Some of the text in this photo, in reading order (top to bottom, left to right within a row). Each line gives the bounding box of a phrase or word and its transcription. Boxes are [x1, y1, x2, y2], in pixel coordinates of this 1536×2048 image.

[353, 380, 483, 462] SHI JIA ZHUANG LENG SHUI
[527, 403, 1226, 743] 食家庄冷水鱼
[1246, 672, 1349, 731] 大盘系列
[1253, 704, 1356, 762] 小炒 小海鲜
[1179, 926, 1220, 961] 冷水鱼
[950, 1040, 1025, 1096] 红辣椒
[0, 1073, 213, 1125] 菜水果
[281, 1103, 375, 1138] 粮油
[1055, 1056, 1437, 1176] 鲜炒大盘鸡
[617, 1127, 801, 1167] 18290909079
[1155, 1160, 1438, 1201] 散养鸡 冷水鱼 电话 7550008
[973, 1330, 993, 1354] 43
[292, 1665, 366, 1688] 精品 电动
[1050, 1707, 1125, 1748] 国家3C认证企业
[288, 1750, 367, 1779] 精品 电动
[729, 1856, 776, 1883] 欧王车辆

* * * * * * * * *

To do
The material shown above must be written out again in full, exactly as it reads.

Answer for the task
Some of the text in this photo, in reading order (top to bottom, left to right within a row). Each line gives the bounding box of a phrase or word and its transcription. Boxes are [x1, y1, x2, y2], in pixel coordinates of this 1536×2048 image.

[353, 380, 483, 462] SHI JIA ZHUANG LENG SHUI
[527, 403, 1226, 743] 食家庄冷水鱼
[1246, 672, 1349, 731] 大盘系列
[1253, 704, 1356, 762] 小炒 小海鲜
[1179, 926, 1220, 961] 冷水鱼
[950, 1040, 1025, 1096] 红辣椒
[0, 1073, 213, 1125] 菜水果
[281, 1103, 375, 1138] 粮油
[1055, 1056, 1437, 1176] 鲜炒大盘鸡
[617, 1127, 801, 1167] 18290909079
[1155, 1160, 1438, 1201] 散养鸡 冷水鱼 电话 7550008
[973, 1330, 993, 1354] 43
[292, 1665, 366, 1688] 精品 电动
[1050, 1707, 1125, 1748] 国家3C认证企业
[288, 1750, 367, 1779] 精品 电动
[729, 1856, 776, 1883] 欧王车辆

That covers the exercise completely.